* WHAT THE TASK ASKS
The required result is an exact copy of the material from the line with "Some of the words" through its final line, both ends included.

* RECORDED DATA
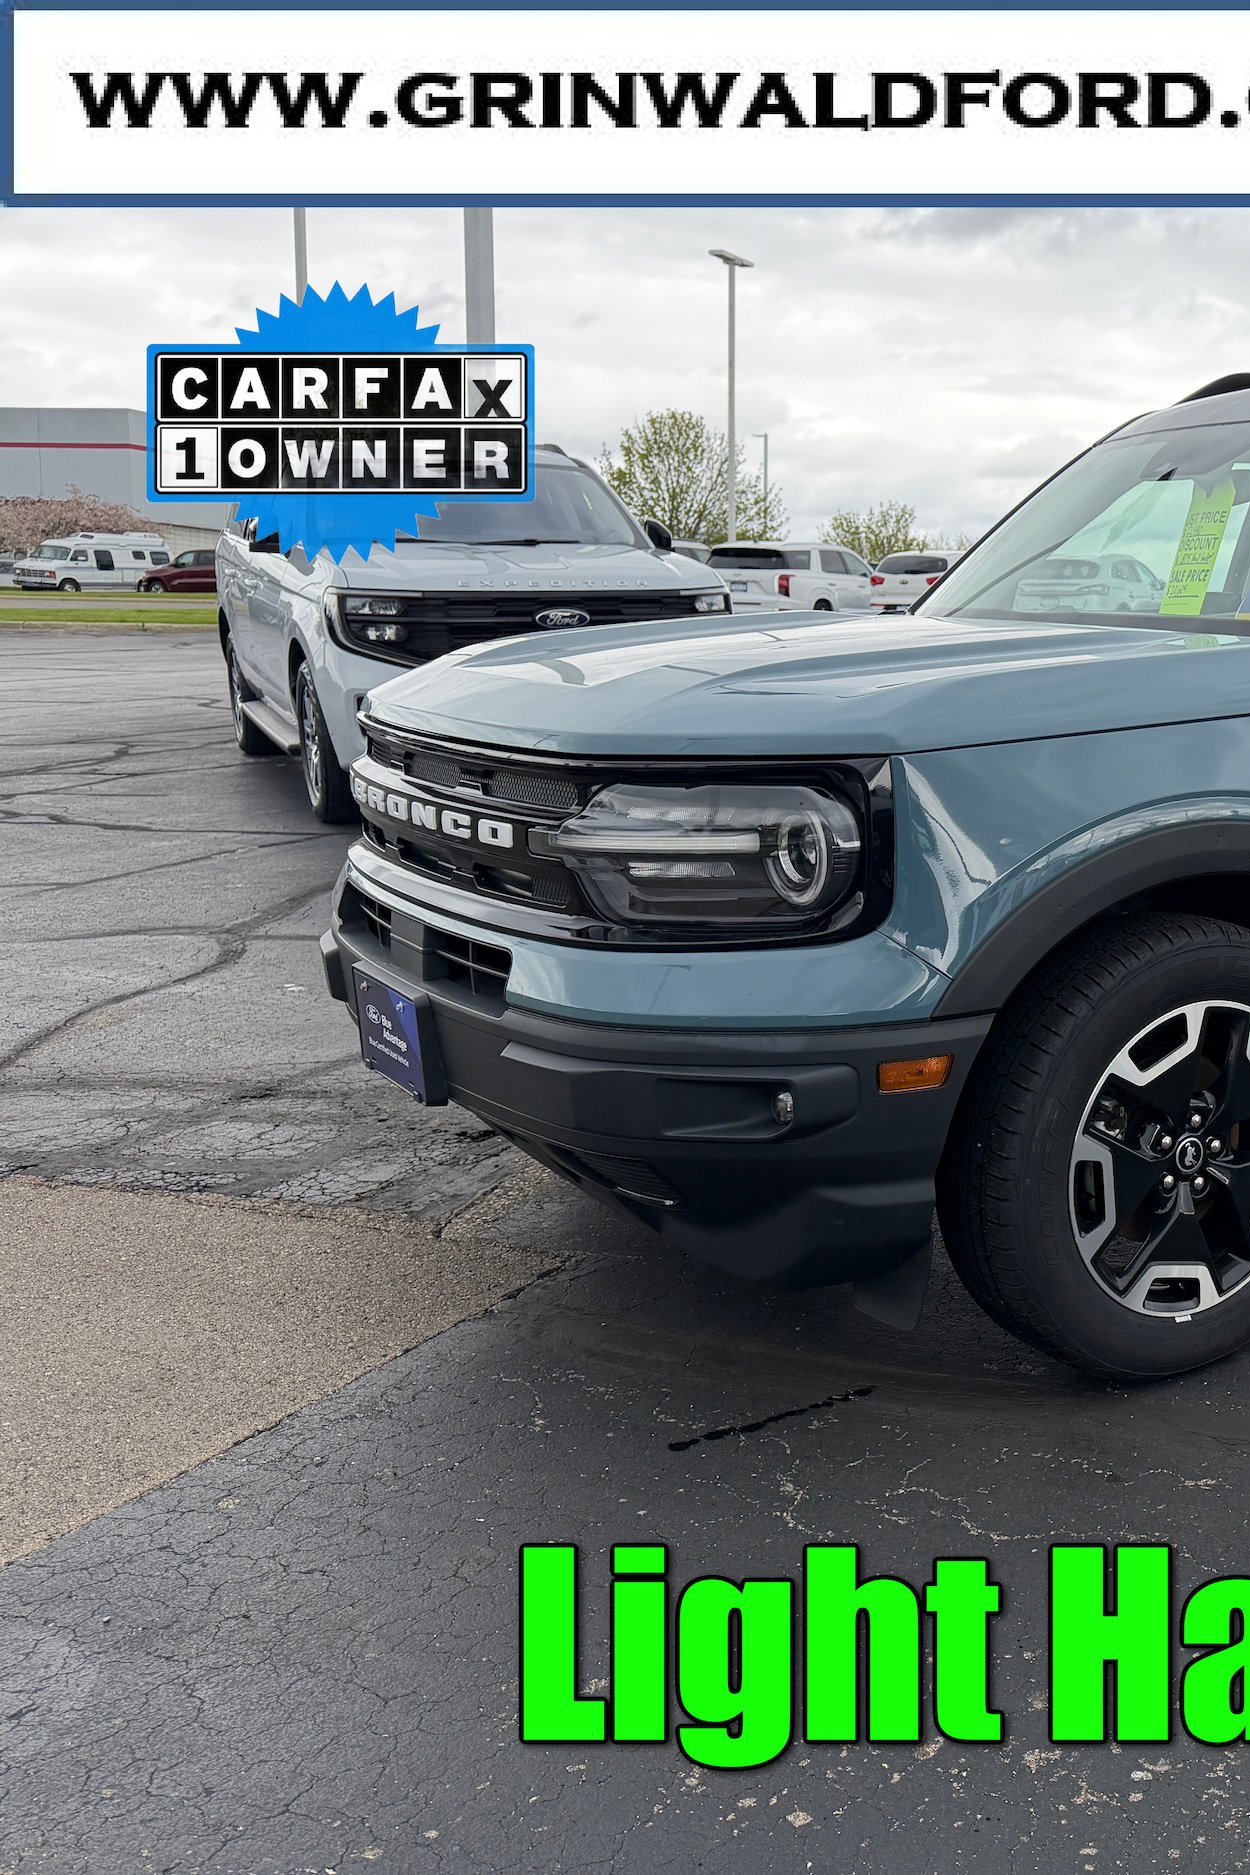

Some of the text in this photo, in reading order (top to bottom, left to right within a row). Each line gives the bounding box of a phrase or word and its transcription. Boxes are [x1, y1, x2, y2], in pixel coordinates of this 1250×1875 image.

[1200, 511, 1227, 524] PRICE
[1179, 537, 1219, 552] DISCOUNT
[1170, 569, 1210, 583] SALE PRICE
[457, 580, 649, 588] EXPEDITION
[353, 777, 514, 849] BRONCO
[381, 1014, 392, 1030] Blue
[383, 1028, 408, 1052] Advantage
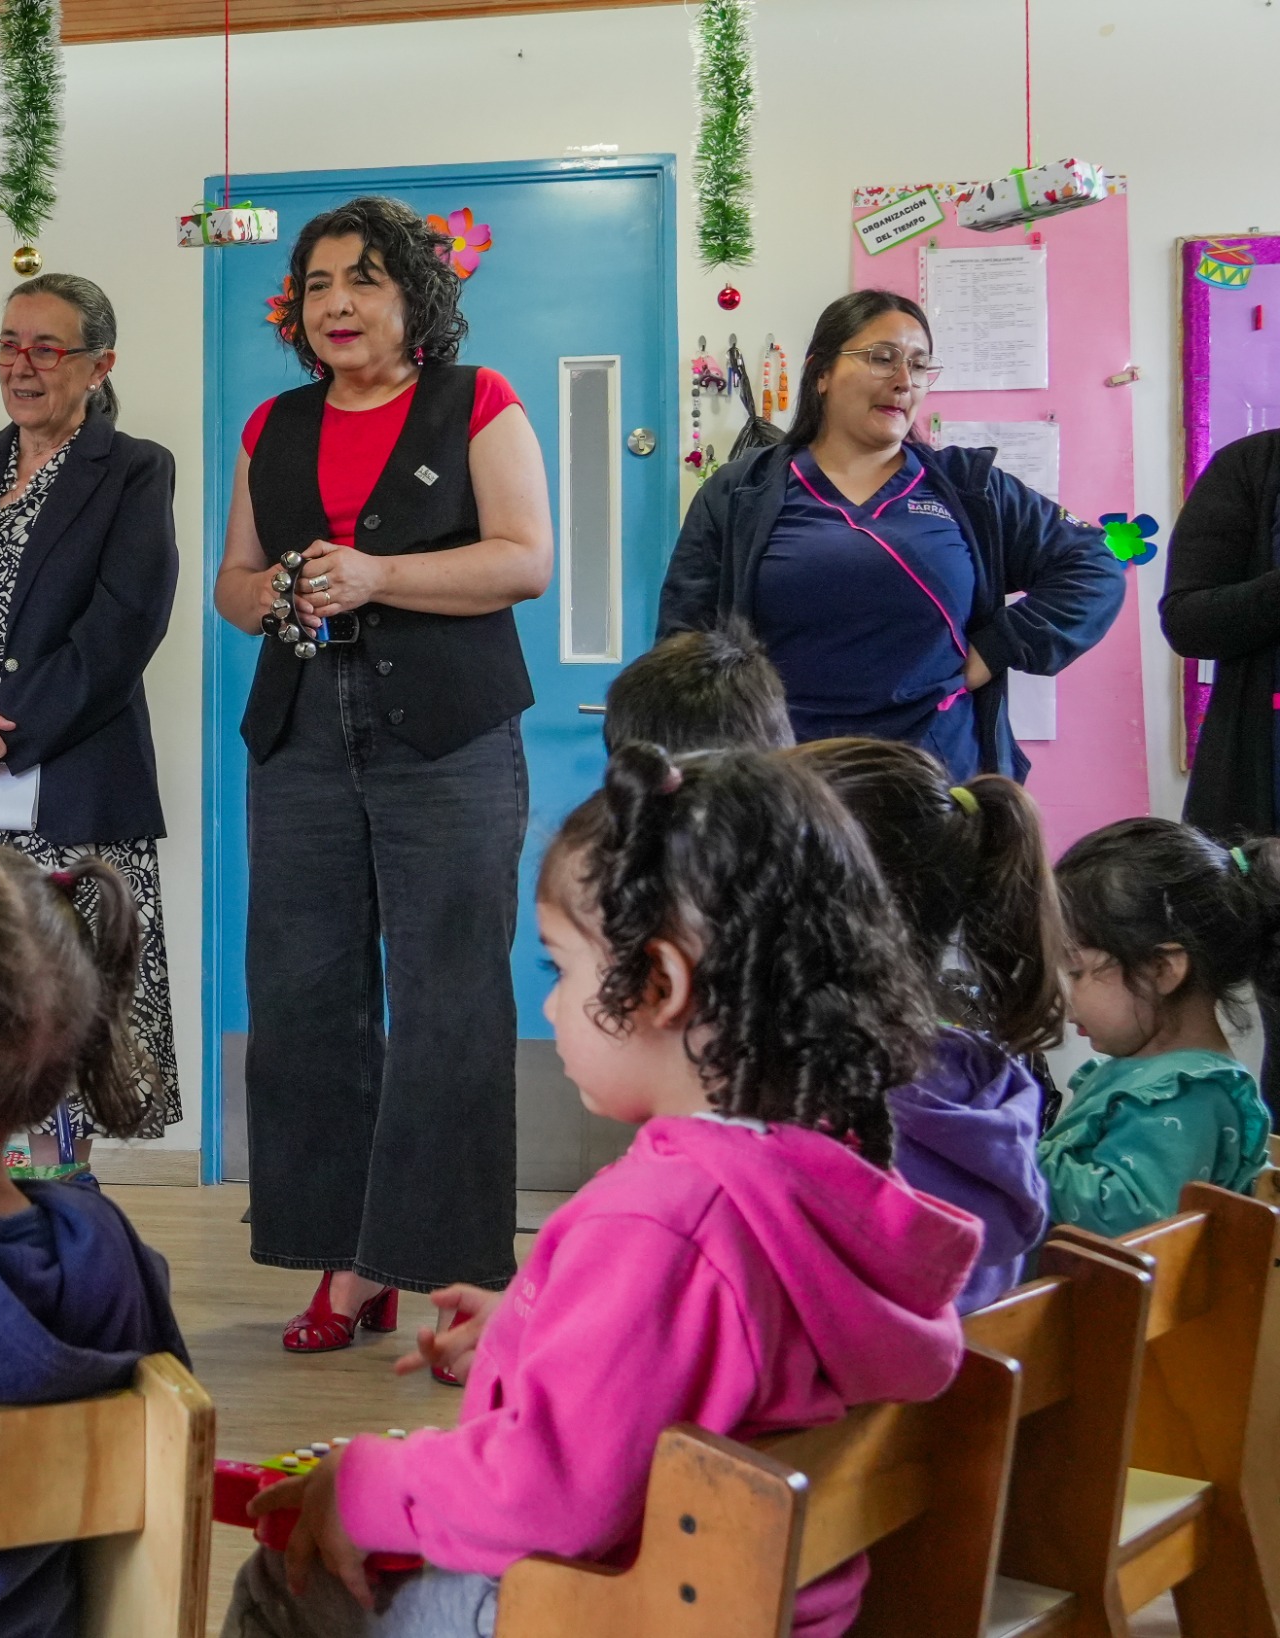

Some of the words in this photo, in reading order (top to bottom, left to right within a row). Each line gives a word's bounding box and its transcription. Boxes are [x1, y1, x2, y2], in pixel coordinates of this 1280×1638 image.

[862, 199, 927, 234] ORGANIZACIÓN
[875, 232, 892, 244] DEL
[893, 216, 926, 235] TIEMPO

* SOLUTION TO THIS EXERCISE
Some of the words in this photo, in reading order (top to bottom, left to right within a row). Each line gives a word's bounding box and its transcription. Boxes are [x1, y1, x2, y2], in pixel coordinates of this 1280×1638 image.

[862, 199, 927, 234] ORGANIZACIÓN
[875, 232, 892, 244] DEL
[893, 216, 926, 235] TIEMPO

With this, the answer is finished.